Mindfulness is a fancy way for saying: aware of what is happening when it is happening. Mindfulness is not an end goal where we arrive and remain, but rather a constant aspiration that we practice as best we can, as often as we can remember to. Sometimes we don’t want to – and that’s ok, too. But we could even become interested in this not-wanting-to-pay-attention business, noticing when and how it shows up as well as its impact on us. When we start to pay attention to what is happening when it is happening, we begin to have a clearer awareness of how we are operating in ways that sometimes get in our own way. These habit loops have served a noble purpose at different points in life. They may have come in the form of distorted beliefs or automatic defenses or identity narratives that helped you to cope with intolerable experiences.

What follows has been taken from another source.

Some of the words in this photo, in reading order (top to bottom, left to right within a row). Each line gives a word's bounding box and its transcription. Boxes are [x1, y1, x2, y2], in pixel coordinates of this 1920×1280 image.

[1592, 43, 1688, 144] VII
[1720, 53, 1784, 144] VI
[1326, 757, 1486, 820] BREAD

What’s more, when we are mindful we have the opportunity to develop a sense of radical acceptance – unconditional positive regard and maybe even appreciation – for these little buggers. Your thank you card to these little buggers might go something like: “Thanks y’all! Couldn’t have done it without you. Now, though, I think I’m ready to try some other variations. I think I’m ready to feel things just a little bit more, both the delight and the soreness.” You might even feel inclined to say: “You’ve been a real pain in my ass!” or “I’ll miss you so much!”

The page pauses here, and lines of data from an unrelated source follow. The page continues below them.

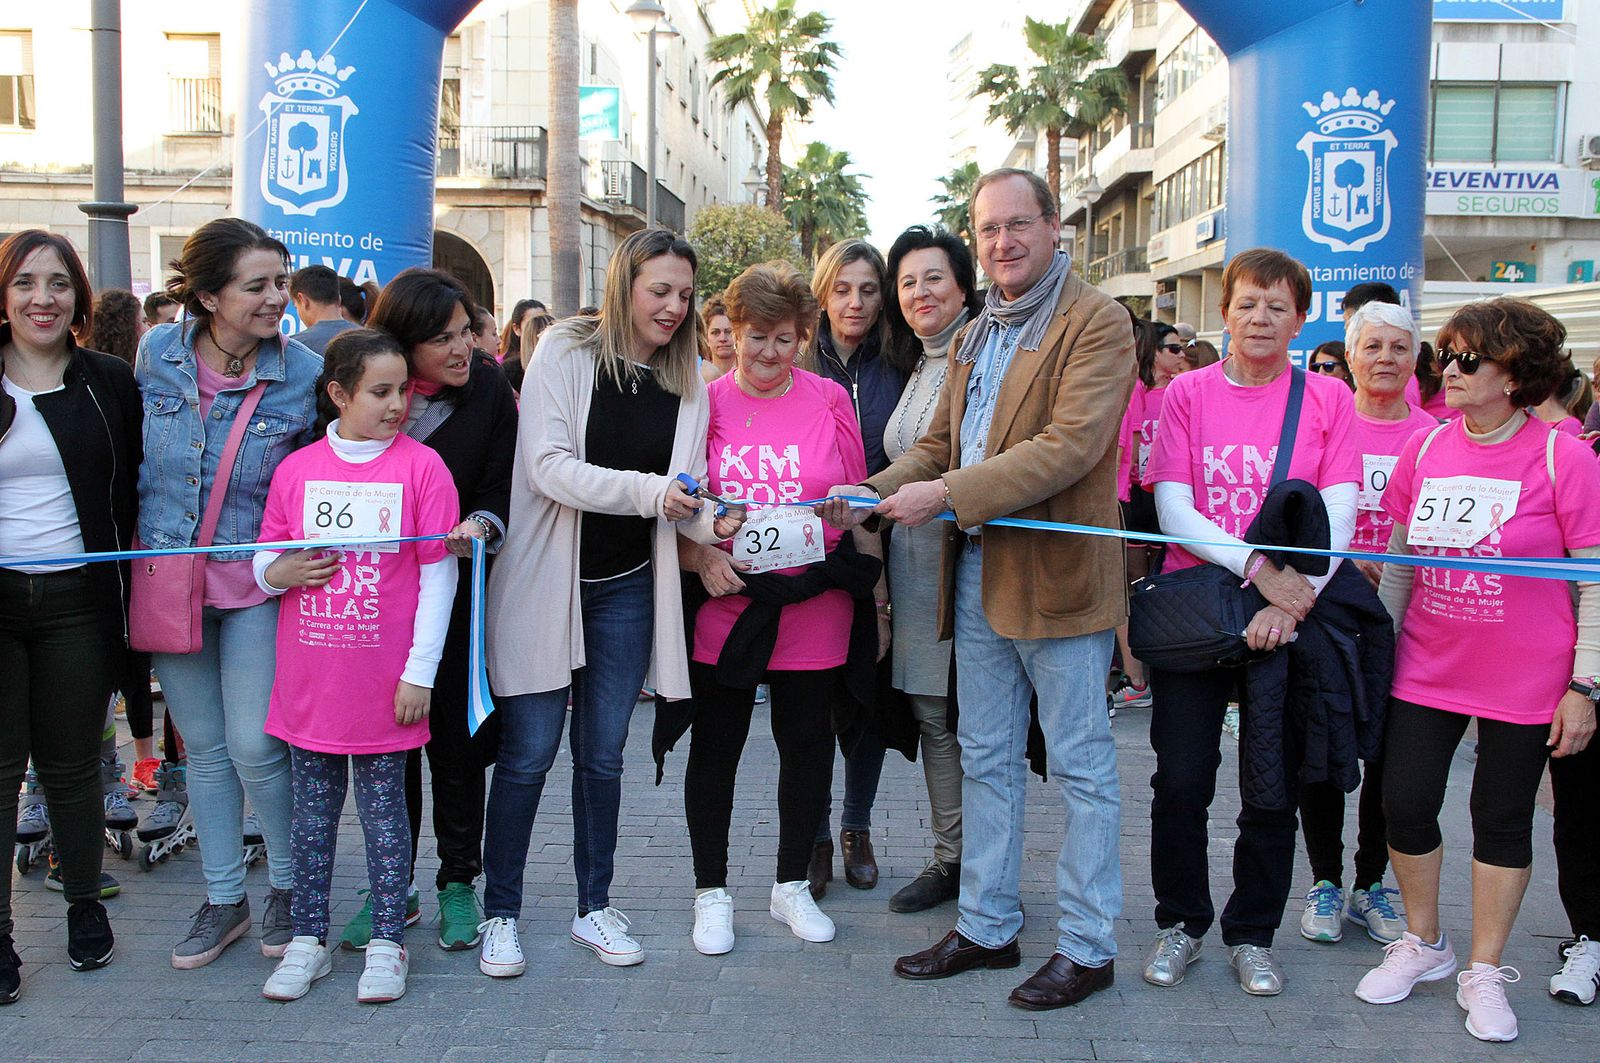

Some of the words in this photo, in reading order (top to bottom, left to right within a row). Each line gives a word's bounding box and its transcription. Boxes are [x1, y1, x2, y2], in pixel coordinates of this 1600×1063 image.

[285, 104, 294, 112] ET
[329, 131, 338, 172] CUSTODIA
[1329, 142, 1341, 151] ET
[269, 147, 277, 180] PORTUS
[1314, 157, 1322, 184] MARIS
[1374, 165, 1383, 207] CUSTODIA
[1313, 186, 1321, 219] PORTUS
[1456, 195, 1560, 214] SEGUROS
[360, 233, 384, 251] de
[1399, 262, 1414, 279] de
[719, 444, 801, 481] KM
[1203, 444, 1279, 485] KM
[319, 487, 351, 497] Carrera
[352, 489, 363, 497] de
[373, 490, 398, 499] Mujer
[1206, 486, 1269, 515] PO
[1436, 484, 1463, 492] Carrera
[1465, 483, 1476, 492] de
[1478, 484, 1487, 493] la
[1488, 486, 1516, 496] Mujer
[315, 501, 354, 529] 86
[1416, 497, 1476, 523] 512
[745, 526, 781, 555] 32
[1421, 566, 1503, 596] ELLAS
[299, 593, 381, 621] ELLAS
[1429, 589, 1452, 602] Carrera
[1453, 596, 1465, 604] de
[1467, 597, 1475, 605] la
[1478, 598, 1505, 608] Mujer
[306, 619, 332, 631] Carrera
[333, 623, 344, 631] de
[347, 623, 355, 631] la
[357, 623, 380, 632] Mujer

The point is not to simply break up with these habit loops, demonizing and shunning them from your mind, but to begin having an honest conversation about whether or not your relationship is enhancing your life and how to renegotiate the relationship so that it does. Through mindfulness, you become more able to track the trajectory of these loops and intervene to change course if you so choose, interrupting and mixing it up a bit. You might experiment with new behaviors that are informed by your alert relationship with the present moment to create different and new upshots that more closely align with the person you would like to be in this world. This is the paradox of change: it is only when we accept ourselves completely, exactly as we are right now, that we find the ability to show up in a different way consistently and authentically.